Work order
If a record contains a picture, leave the picture out and reproduce everything else exactly.

Source material
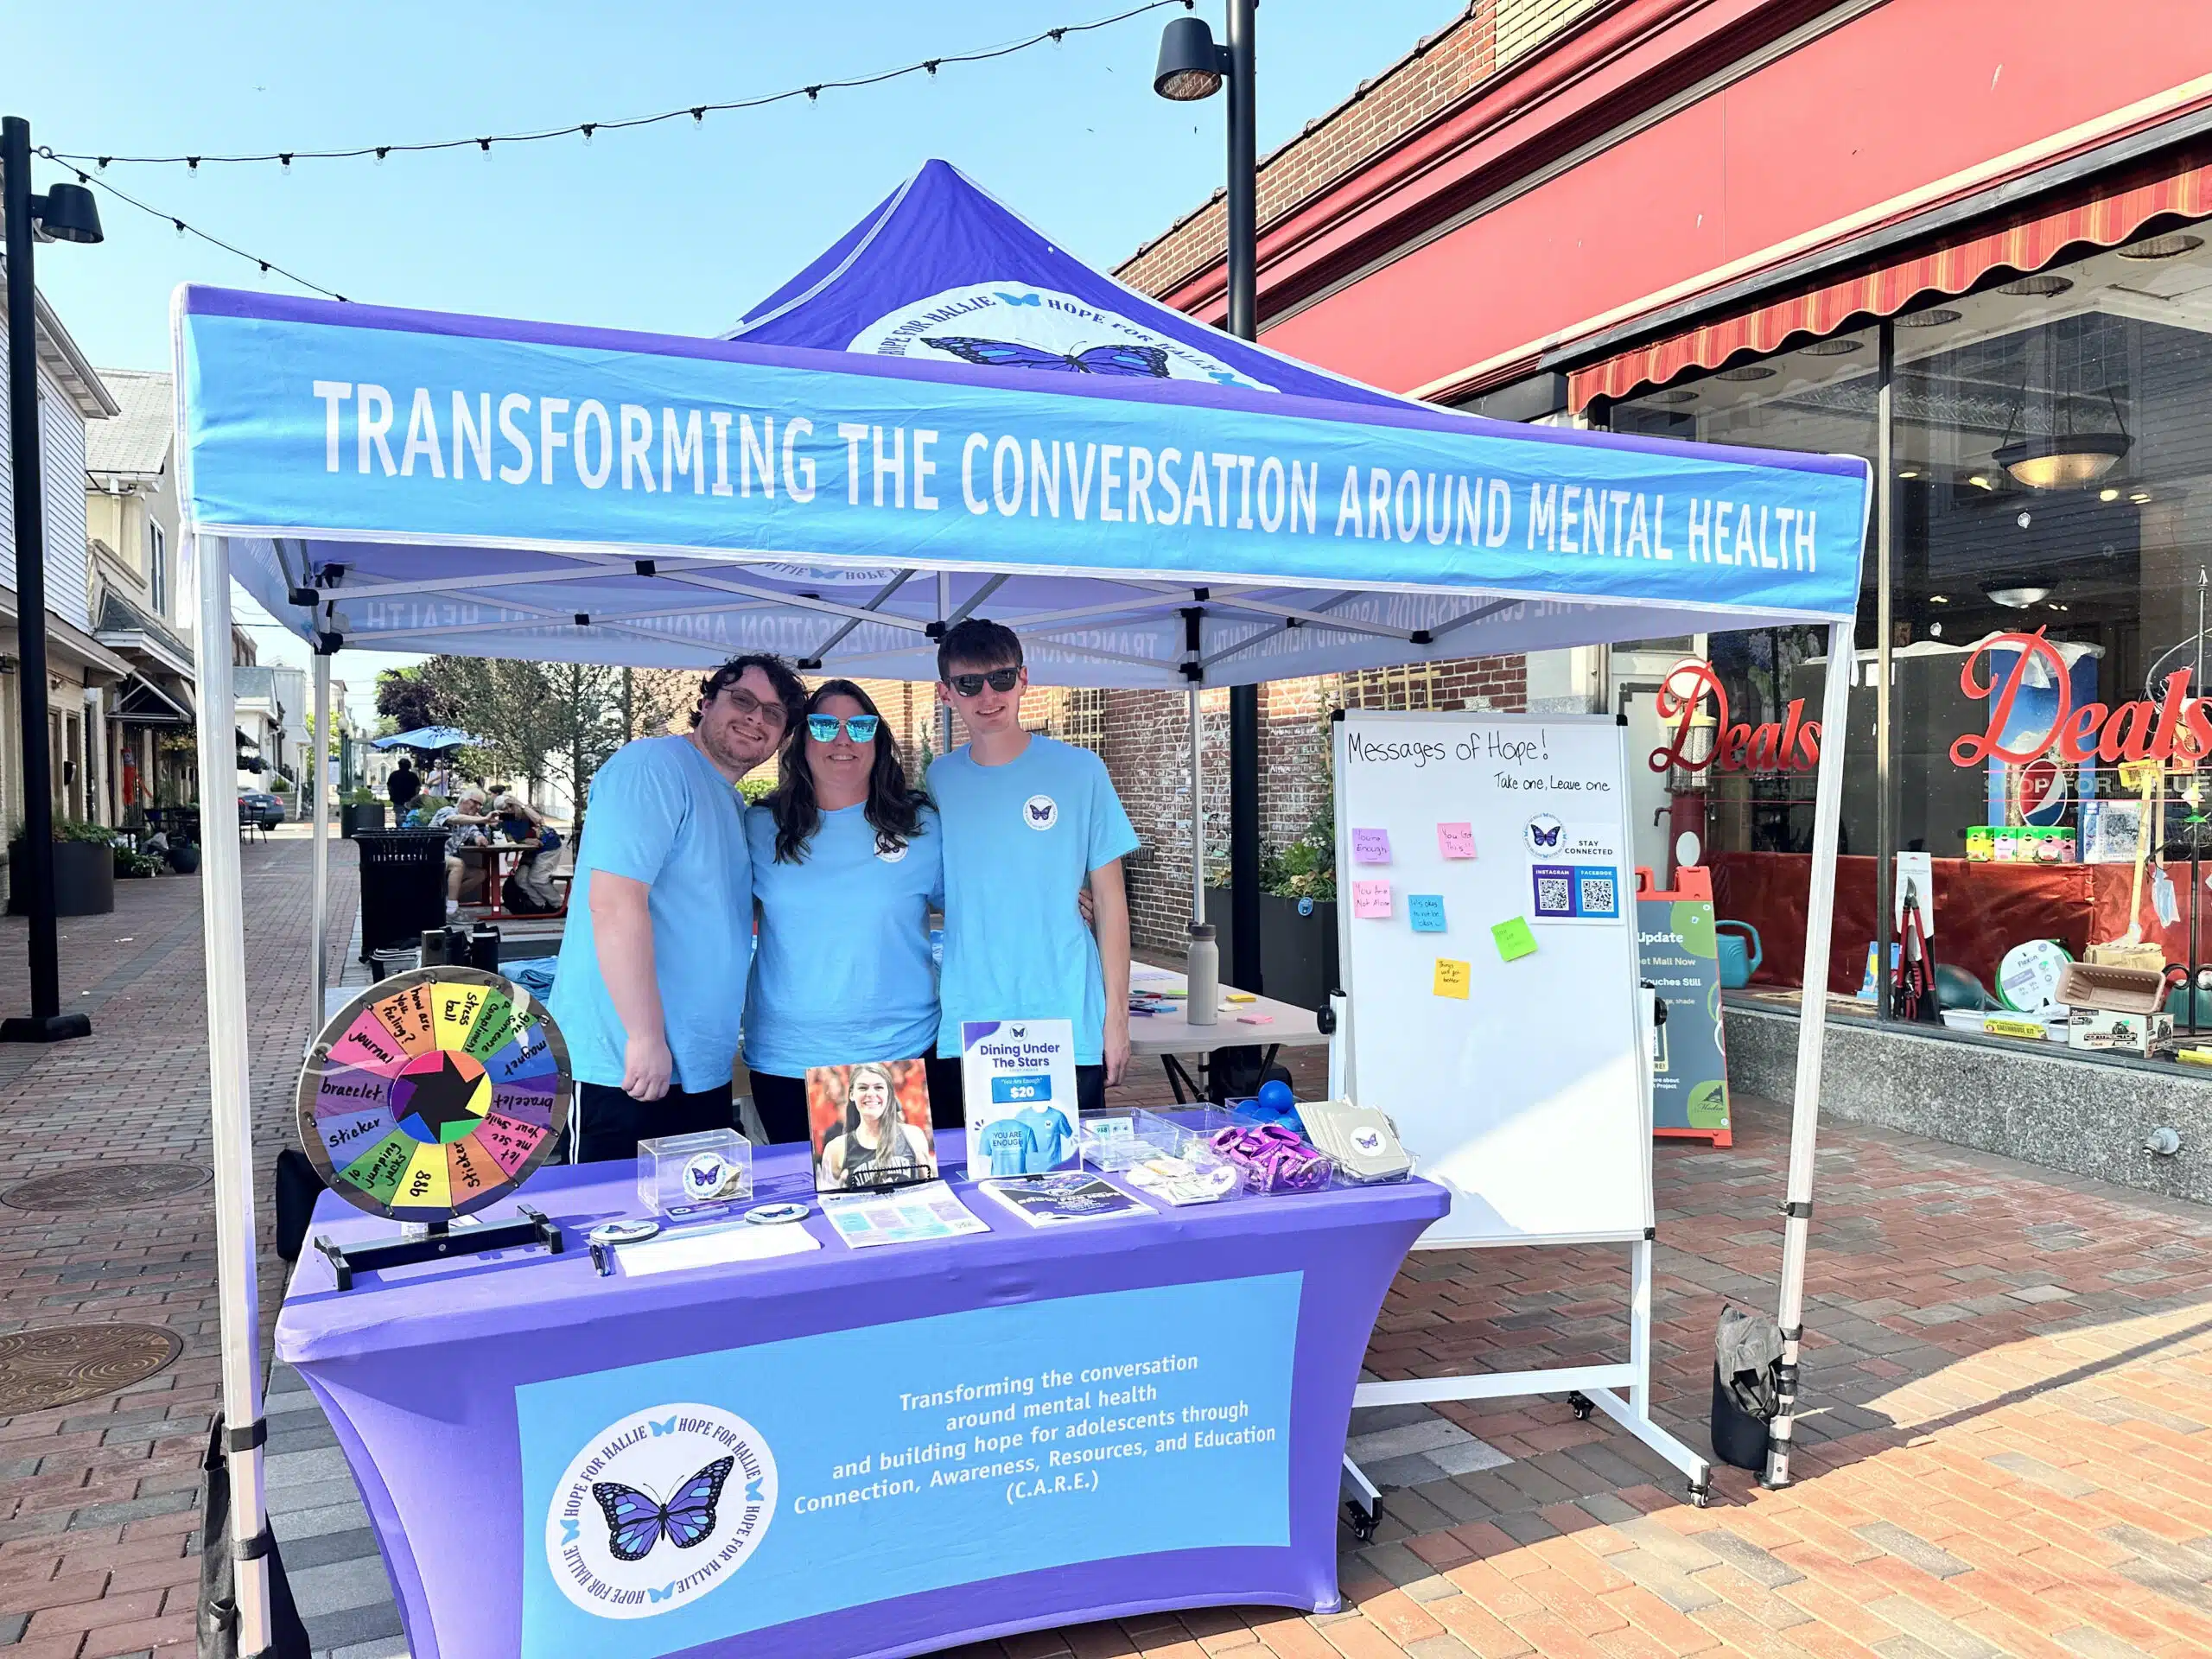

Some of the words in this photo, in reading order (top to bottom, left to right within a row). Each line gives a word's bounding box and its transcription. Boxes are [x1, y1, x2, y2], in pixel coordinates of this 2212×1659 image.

[892, 321, 933, 336] FOR
[922, 296, 996, 321] HALLIE
[1047, 298, 1105, 324] HOPE
[1112, 323, 1154, 342] FOR
[1155, 342, 1223, 372] HALLIE
[313, 380, 815, 503] TRANSFORMING
[838, 422, 939, 511] THE
[962, 432, 1319, 536] CONVERSATION
[1335, 465, 1512, 548] AROUND
[1527, 482, 1674, 561] MENTAL
[1688, 498, 1817, 573] HEALTH
[1948, 624, 2212, 767] Deals
[1649, 660, 1821, 772] Deals
[1348, 733, 1446, 768] Messages
[1456, 734, 1480, 759] of
[1488, 729, 1548, 765] Hope!
[1494, 772, 1518, 790] Take
[1523, 779, 1548, 791] one,
[1550, 775, 1581, 791] Leave
[1586, 780, 1611, 791] one
[1637, 932, 1684, 945] Update
[1652, 957, 1673, 966] Mall
[1675, 957, 1696, 966] Now
[1682, 977, 1701, 987] Still
[391, 994, 410, 1014] you
[410, 986, 423, 1013] how
[418, 1012, 430, 1033] are
[444, 1000, 461, 1022] ball
[383, 1006, 416, 1044] feeling?
[464, 1003, 499, 1053] compliment
[482, 1015, 516, 1052] someone
[512, 1012, 530, 1035] give
[348, 1025, 395, 1065] journal
[504, 1039, 547, 1077] magnet
[980, 1044, 1021, 1057] Dining
[1023, 1043, 1060, 1053] Under
[992, 1058, 1015, 1068] The
[1017, 1057, 1050, 1067] Stars
[321, 1077, 383, 1101] bracelet
[493, 1091, 553, 1113] bracelet
[1010, 1086, 1035, 1099] $20
[501, 1148, 519, 1165] let
[514, 1139, 533, 1150] me
[361, 1141, 403, 1189] jumping
[386, 1154, 408, 1187] jacks
[899, 1374, 1034, 1412] Transforming
[1041, 1369, 1073, 1389] the
[1080, 1353, 1199, 1384] conversation
[945, 1402, 1016, 1432] around
[1022, 1393, 1092, 1418] mental
[1097, 1384, 1158, 1408] health
[677, 1417, 714, 1436] HOPE
[712, 1426, 737, 1448] FOR
[732, 1440, 761, 1480] HALLIE
[832, 1457, 872, 1480] and
[879, 1438, 968, 1471] building
[973, 1431, 1024, 1459] hope
[1029, 1425, 1058, 1444] for
[1065, 1408, 1176, 1440] adolescents
[1180, 1400, 1249, 1426] through
[564, 1483, 587, 1517] HOPE
[580, 1457, 606, 1485] FOR
[601, 1426, 647, 1460] HALLIE
[793, 1477, 922, 1515] Connection,
[930, 1457, 1041, 1490] Awareness,
[1048, 1440, 1148, 1469] Resources,
[1154, 1433, 1188, 1453] and
[1194, 1426, 1276, 1448] Education
[1006, 1470, 1100, 1505] (C.A.R.E.)
[735, 1505, 760, 1538] HOPE
[718, 1535, 744, 1561] FOR
[563, 1545, 594, 1587] HALLIE
[677, 1560, 722, 1593] HALLIE
[587, 1577, 612, 1600] FOR
[610, 1586, 645, 1605] HOPE
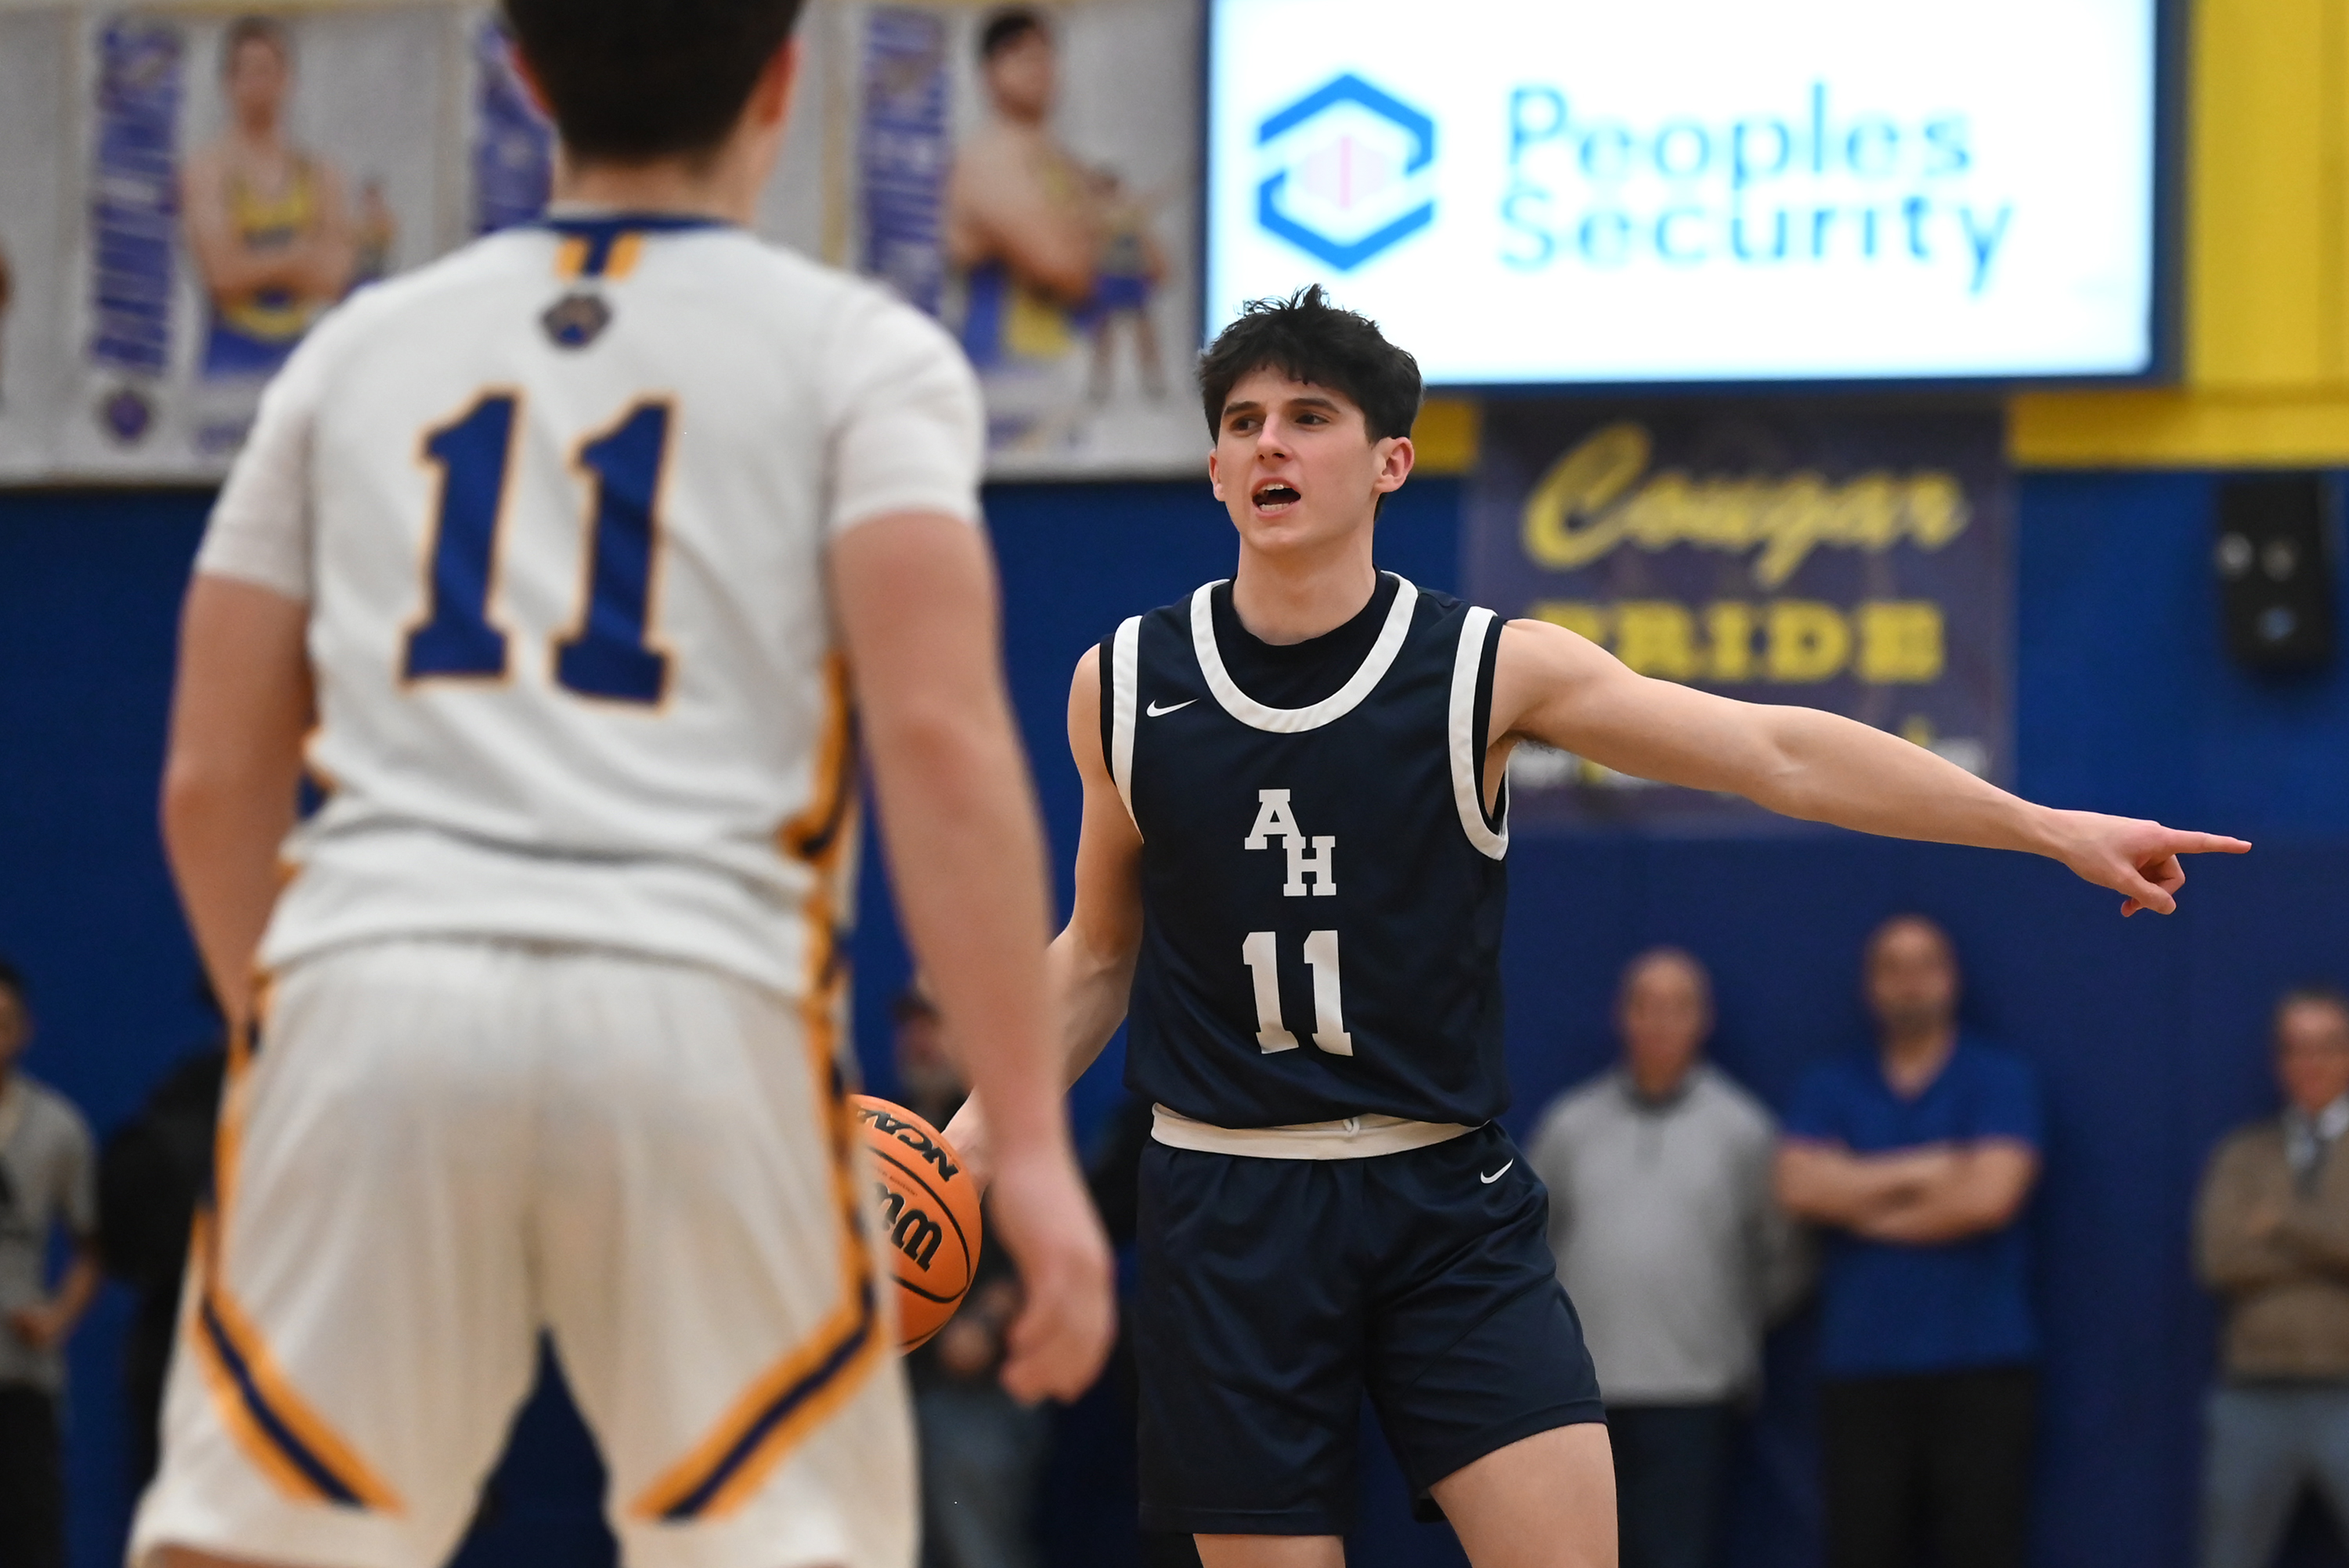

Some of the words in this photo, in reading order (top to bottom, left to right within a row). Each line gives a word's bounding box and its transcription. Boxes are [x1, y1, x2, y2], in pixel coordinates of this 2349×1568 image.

[1504, 81, 1973, 193] Peoples
[1498, 182, 2015, 297] Security
[397, 384, 681, 716] 11
[1522, 421, 1970, 589] Cougar
[1244, 788, 1337, 896] AH
[1242, 930, 1354, 1057] 11

Answer below
Some of the words in this photo, in reading order (top to bottom, left to right within a row). Each line gives a word's bounding box and its transcription. Boxes are [x1, y1, x2, y2], in pixel coordinates of this 2212×1659 image.

[892, 321, 933, 336] FOR
[922, 296, 996, 321] HALLIE
[1047, 298, 1105, 324] HOPE
[1112, 323, 1154, 342] FOR
[1155, 342, 1223, 372] HALLIE
[313, 380, 815, 503] TRANSFORMING
[838, 422, 939, 511] THE
[962, 432, 1319, 536] CONVERSATION
[1335, 465, 1512, 548] AROUND
[1527, 482, 1674, 561] MENTAL
[1688, 498, 1817, 573] HEALTH
[1948, 624, 2212, 767] Deals
[1649, 660, 1821, 772] Deals
[1348, 733, 1446, 768] Messages
[1456, 734, 1480, 759] of
[1488, 729, 1548, 765] Hope!
[1494, 772, 1518, 790] Take
[1523, 779, 1548, 791] one,
[1550, 775, 1581, 791] Leave
[1586, 780, 1611, 791] one
[1637, 932, 1684, 945] Update
[1652, 957, 1673, 966] Mall
[1675, 957, 1696, 966] Now
[1682, 977, 1701, 987] Still
[391, 994, 410, 1014] you
[410, 986, 423, 1013] how
[418, 1012, 430, 1033] are
[444, 1000, 461, 1022] ball
[383, 1006, 416, 1044] feeling?
[464, 1003, 499, 1053] compliment
[482, 1015, 516, 1052] someone
[512, 1012, 530, 1035] give
[348, 1025, 395, 1065] journal
[504, 1039, 547, 1077] magnet
[980, 1044, 1021, 1057] Dining
[1023, 1043, 1060, 1053] Under
[992, 1058, 1015, 1068] The
[1017, 1057, 1050, 1067] Stars
[321, 1077, 383, 1101] bracelet
[493, 1091, 553, 1113] bracelet
[1010, 1086, 1035, 1099] $20
[501, 1148, 519, 1165] let
[514, 1139, 533, 1150] me
[361, 1141, 403, 1189] jumping
[386, 1154, 408, 1187] jacks
[899, 1374, 1034, 1412] Transforming
[1041, 1369, 1073, 1389] the
[1080, 1353, 1199, 1384] conversation
[945, 1402, 1016, 1432] around
[1022, 1393, 1092, 1418] mental
[1097, 1384, 1158, 1408] health
[677, 1417, 714, 1436] HOPE
[712, 1426, 737, 1448] FOR
[732, 1440, 761, 1480] HALLIE
[832, 1457, 872, 1480] and
[879, 1438, 968, 1471] building
[973, 1431, 1024, 1459] hope
[1029, 1425, 1058, 1444] for
[1065, 1408, 1176, 1440] adolescents
[1180, 1400, 1249, 1426] through
[564, 1483, 587, 1517] HOPE
[580, 1457, 606, 1485] FOR
[601, 1426, 647, 1460] HALLIE
[793, 1477, 922, 1515] Connection,
[930, 1457, 1041, 1490] Awareness,
[1048, 1440, 1148, 1469] Resources,
[1154, 1433, 1188, 1453] and
[1194, 1426, 1276, 1448] Education
[1006, 1470, 1100, 1505] (C.A.R.E.)
[735, 1505, 760, 1538] HOPE
[718, 1535, 744, 1561] FOR
[563, 1545, 594, 1587] HALLIE
[677, 1560, 722, 1593] HALLIE
[587, 1577, 612, 1600] FOR
[610, 1586, 645, 1605] HOPE

Some of the words in this photo, in reading order (top to bottom, left to right within a row). Each line gives a word's bounding box and its transcription. Boxes are [x1, y1, x2, y2], in pixel coordinates of this 2349×1568 image.

[1504, 81, 1973, 193] Peoples
[1498, 182, 2015, 297] Security
[397, 384, 681, 716] 11
[1522, 421, 1970, 589] Cougar
[1244, 788, 1337, 896] AH
[1242, 930, 1354, 1057] 11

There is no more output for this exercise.